### Information given ###

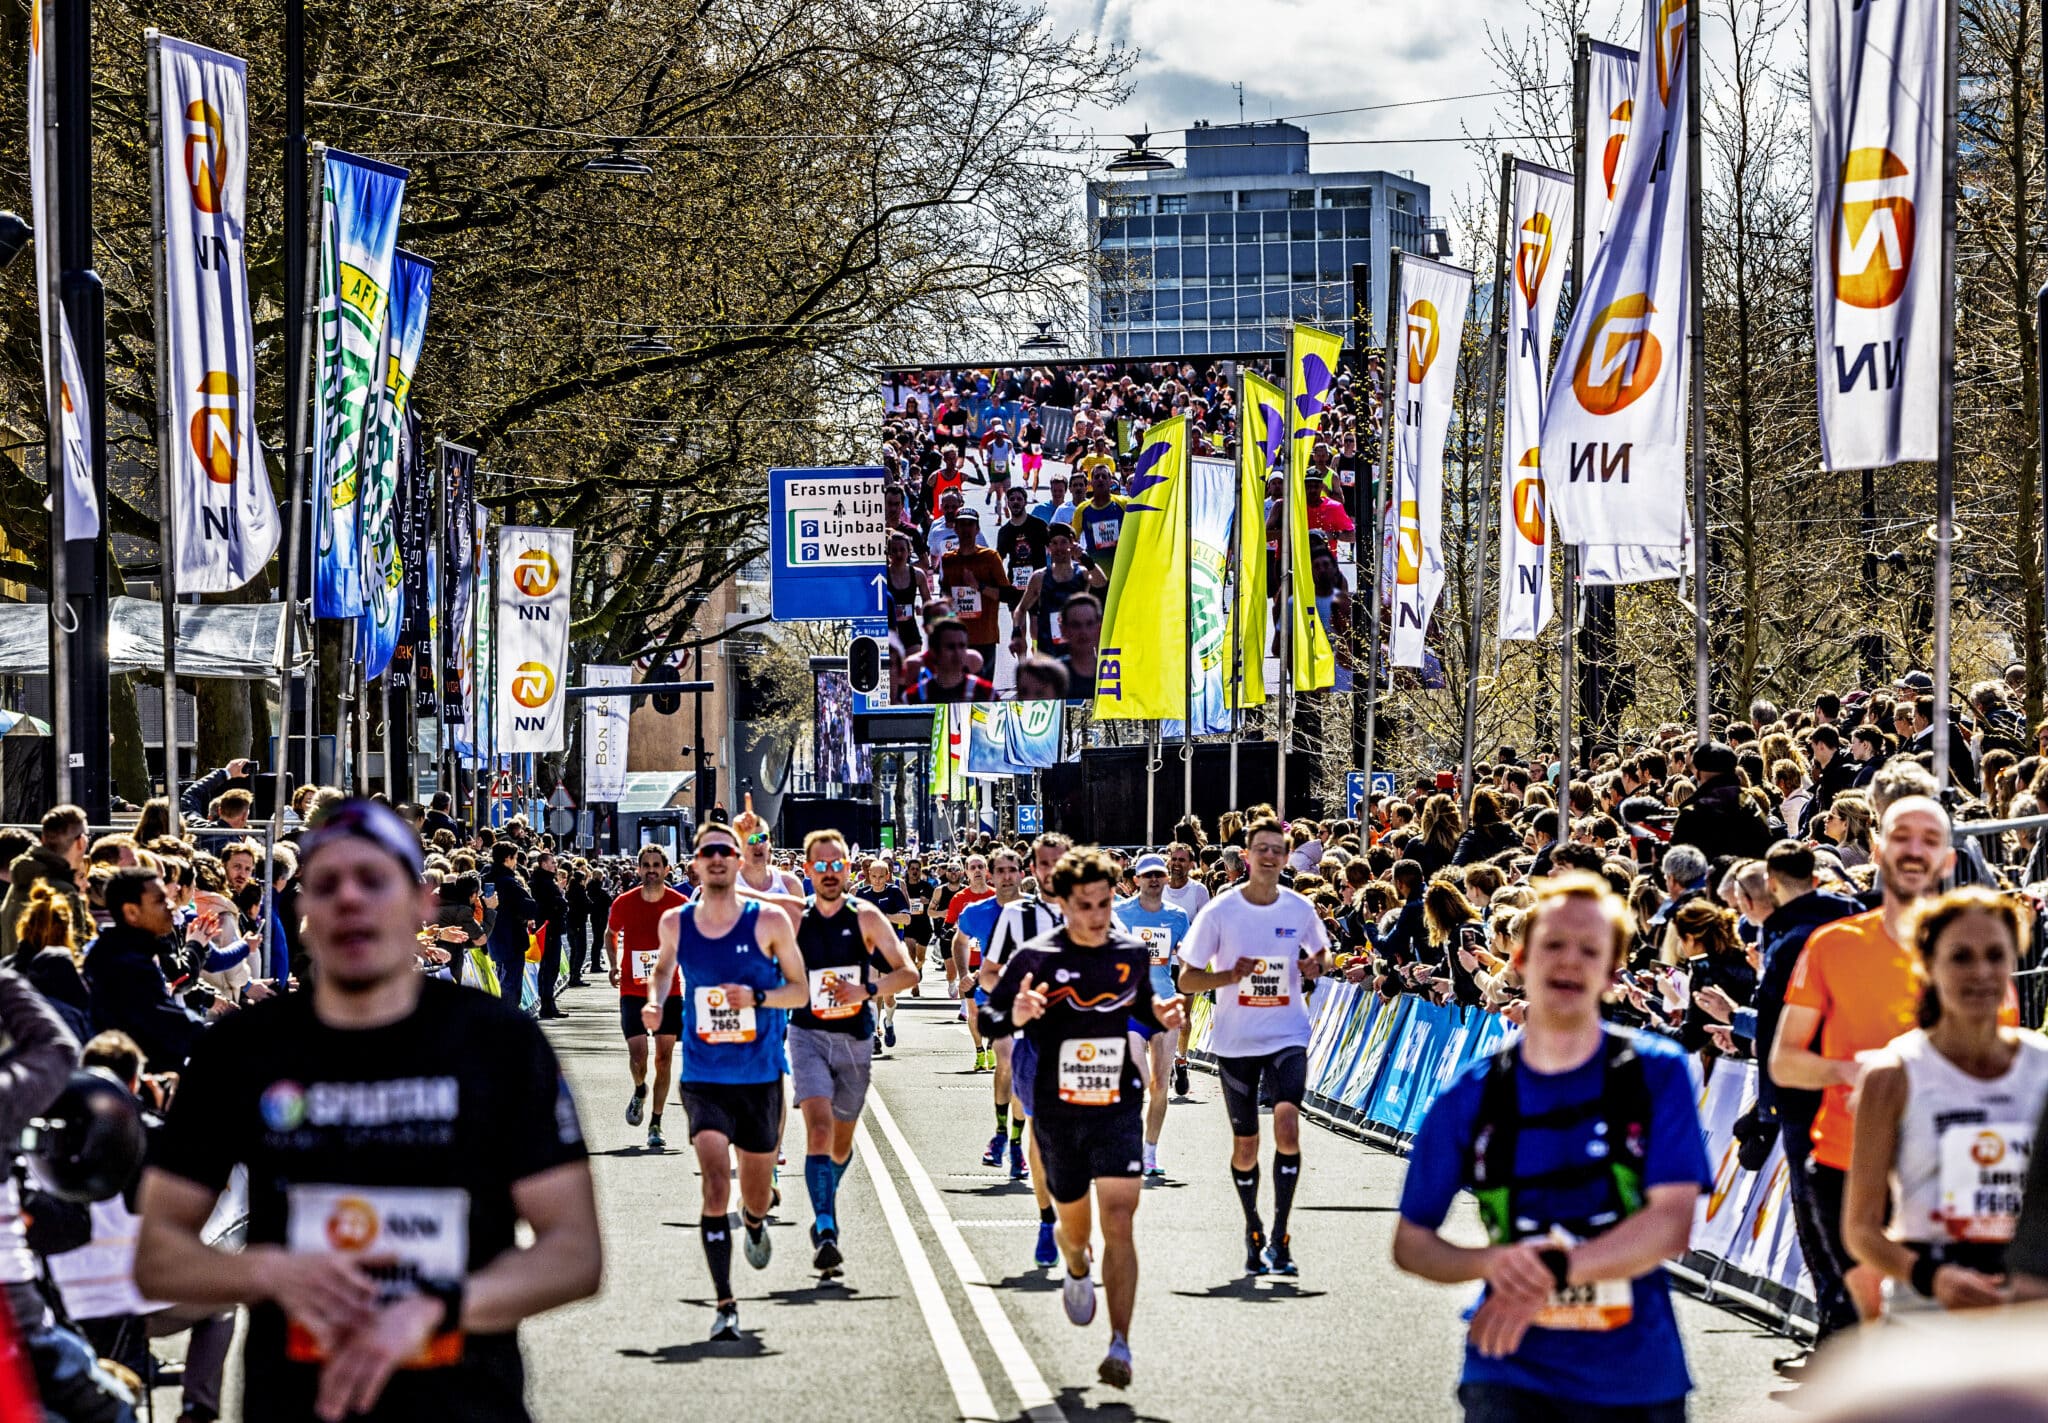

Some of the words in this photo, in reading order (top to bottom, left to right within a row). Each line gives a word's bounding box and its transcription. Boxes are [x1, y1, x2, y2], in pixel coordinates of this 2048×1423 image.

[853, 500, 883, 517] Lijn
[824, 520, 884, 538] Lijnbaa
[518, 604, 551, 622] NN
[515, 716, 546, 732] NN
[596, 727, 608, 765] BON
[1269, 963, 1284, 971] NN
[1251, 975, 1280, 984] Olivier
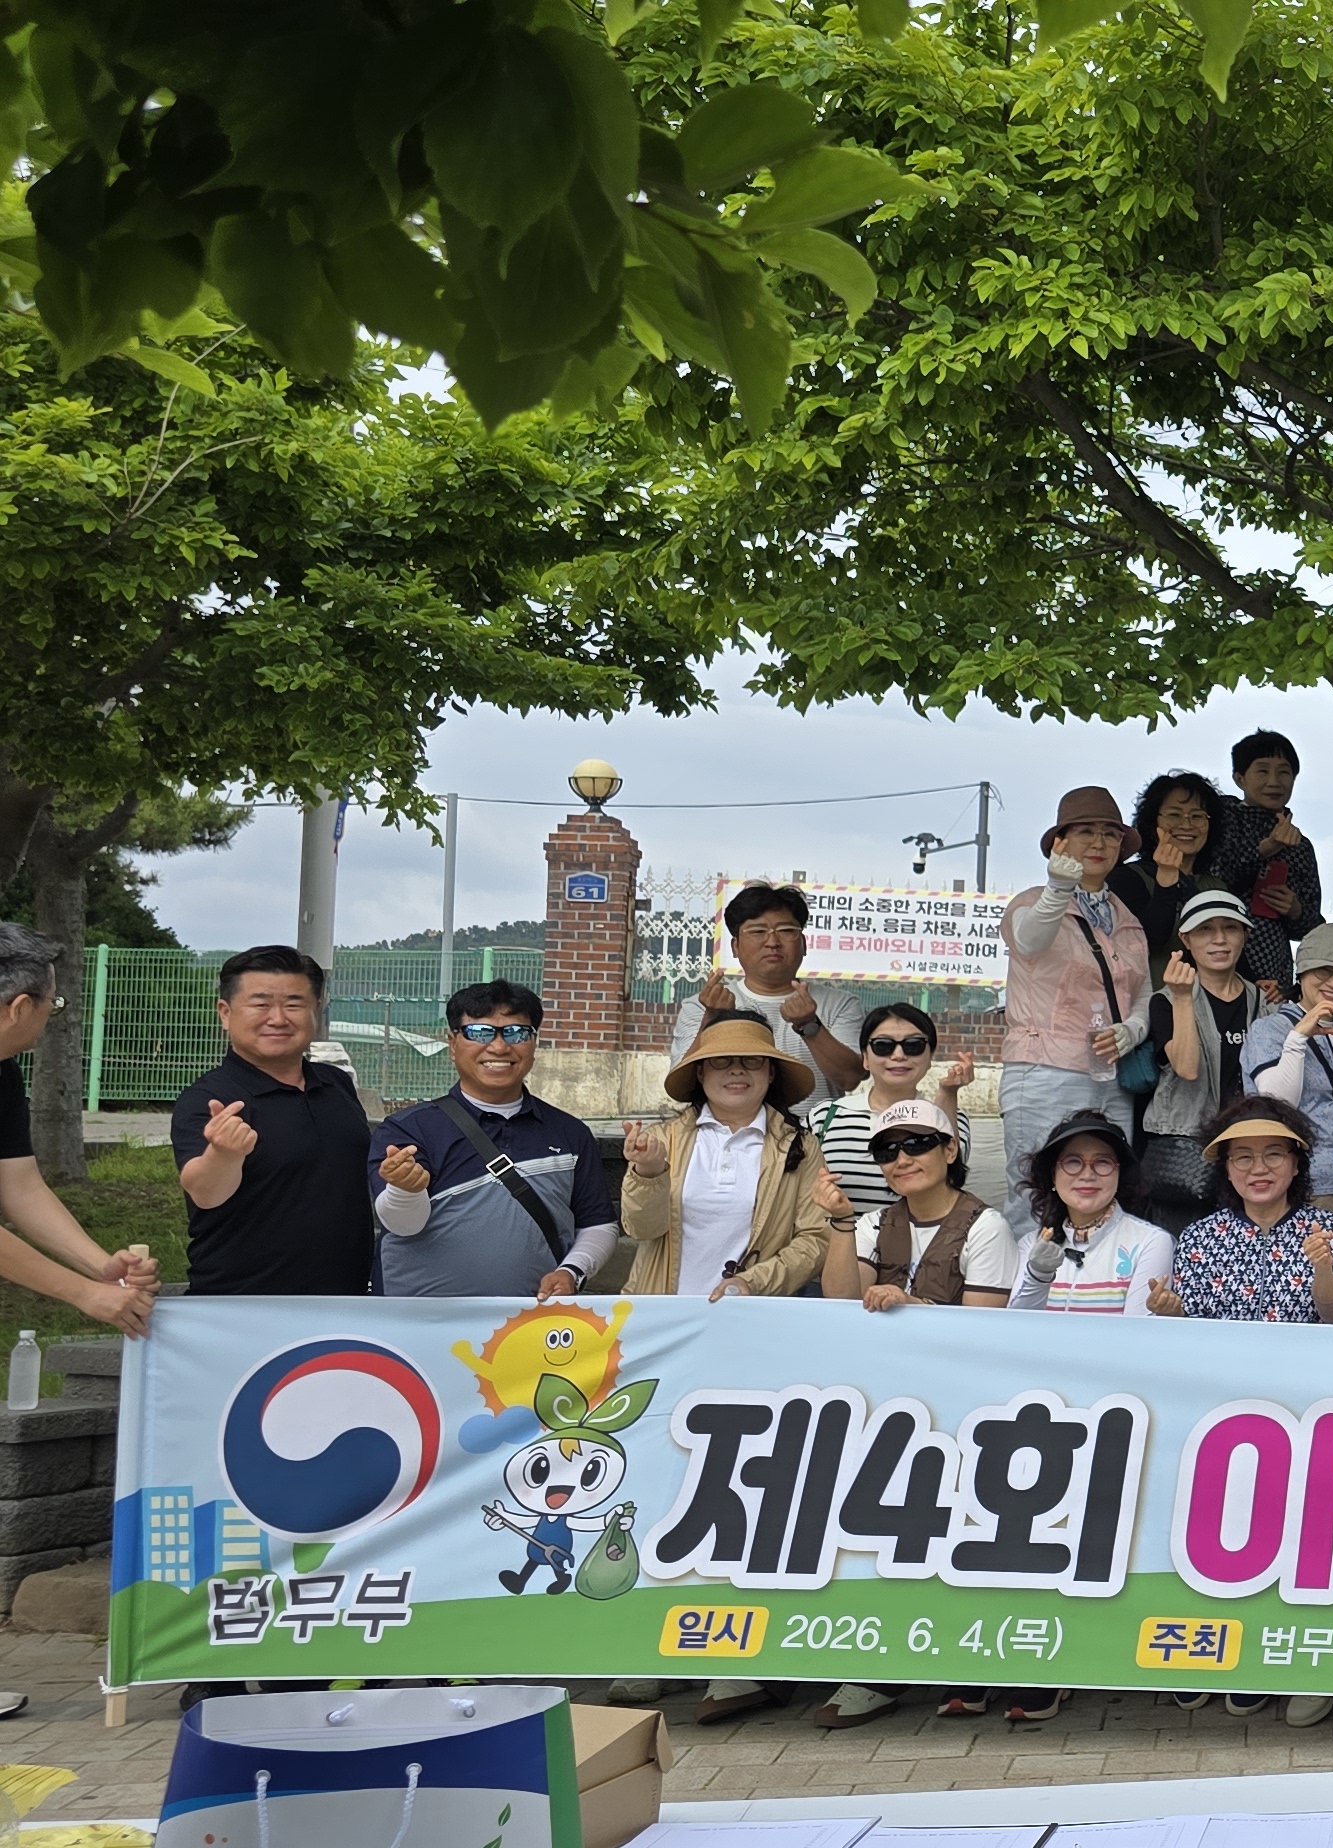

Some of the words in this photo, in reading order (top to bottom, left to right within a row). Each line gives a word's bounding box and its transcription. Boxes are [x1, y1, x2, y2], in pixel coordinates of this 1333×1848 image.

[571, 886, 600, 899] 61
[858, 898, 911, 914] 소중한
[915, 899, 967, 918] 자연을
[837, 916, 877, 934] 차량,
[883, 917, 917, 935] 응급
[922, 920, 962, 938] 차량,
[838, 936, 924, 956] 금지하오니
[930, 940, 998, 959] 협조하여
[906, 960, 984, 975] 시설관리사업소
[655, 1397, 1134, 1583] 제4회
[213, 1571, 411, 1641] 법무부
[678, 1609, 754, 1650] 일시
[779, 1614, 888, 1655] 2026.
[906, 1617, 941, 1656] 6.
[957, 1615, 1064, 1662] 4.(목)
[1148, 1624, 1228, 1663] 주최
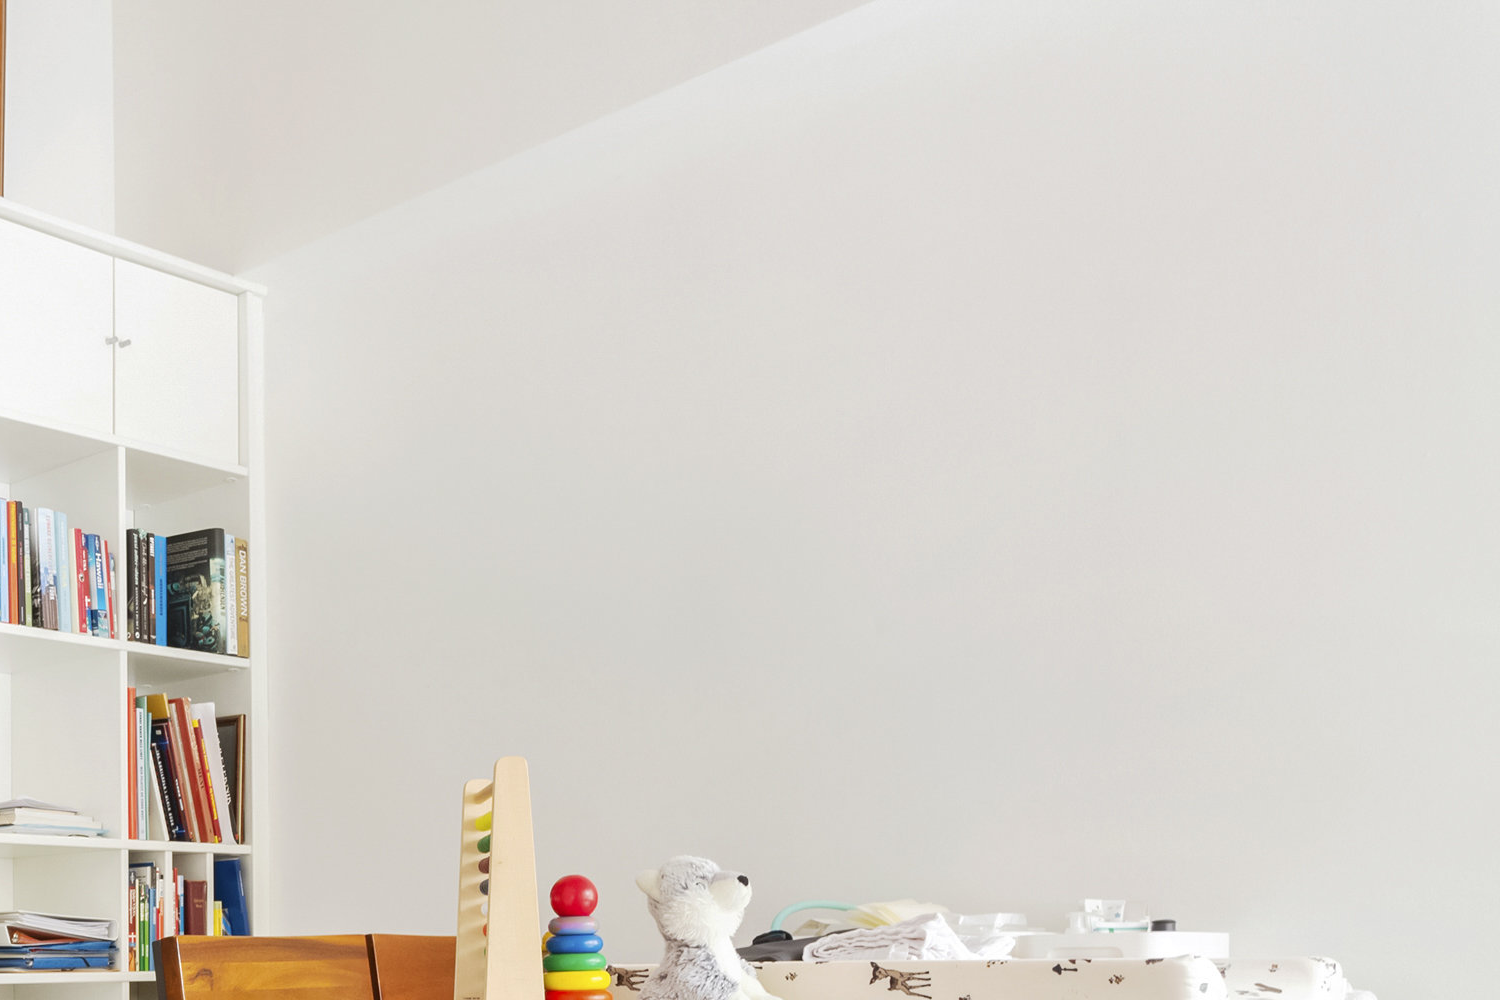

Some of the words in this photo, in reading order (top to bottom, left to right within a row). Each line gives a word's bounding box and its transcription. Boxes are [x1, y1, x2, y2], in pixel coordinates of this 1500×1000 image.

[95, 553, 104, 589] Hawaii
[239, 550, 247, 574] DAN
[239, 575, 248, 616] BROWN

###

Exercise
Make an exact copy of every entry above, but keep the pictures out of it.

Reply to the exercise
Some of the words in this photo, in reading order (top to bottom, left to right within a row). Each line gives a word's bounding box and its transcription. Boxes are [x1, y1, x2, y2], in pixel coordinates of this 2048×1423 image.

[853, 500, 883, 517] Lijn
[824, 520, 884, 538] Lijnbaa
[518, 604, 551, 622] NN
[515, 716, 546, 732] NN
[596, 727, 608, 765] BON
[1269, 963, 1284, 971] NN
[1251, 975, 1280, 984] Olivier

Some of the words in this photo, in reading order (top to bottom, left to right within a row). Each line gives a word's bounding box and its transcription. Boxes are [x1, y1, x2, y2], in pixel coordinates of this 1333×1848 image.

[571, 886, 600, 899] 61
[858, 898, 911, 914] 소중한
[915, 899, 967, 918] 자연을
[837, 916, 877, 934] 차량,
[883, 917, 917, 935] 응급
[922, 920, 962, 938] 차량,
[838, 936, 924, 956] 금지하오니
[930, 940, 998, 959] 협조하여
[906, 960, 984, 975] 시설관리사업소
[655, 1397, 1134, 1583] 제4회
[213, 1571, 411, 1641] 법무부
[678, 1609, 754, 1650] 일시
[779, 1614, 888, 1655] 2026.
[906, 1617, 941, 1656] 6.
[957, 1615, 1064, 1662] 4.(목)
[1148, 1624, 1228, 1663] 주최

Some of the words in this photo, in reading order (top to bottom, left to right within a row). Each line gives a word's bounding box and its transcription. Boxes are [x1, y1, x2, y2], in pixel coordinates of this 1500×1000 image.

[95, 553, 104, 589] Hawaii
[239, 550, 247, 574] DAN
[239, 575, 248, 616] BROWN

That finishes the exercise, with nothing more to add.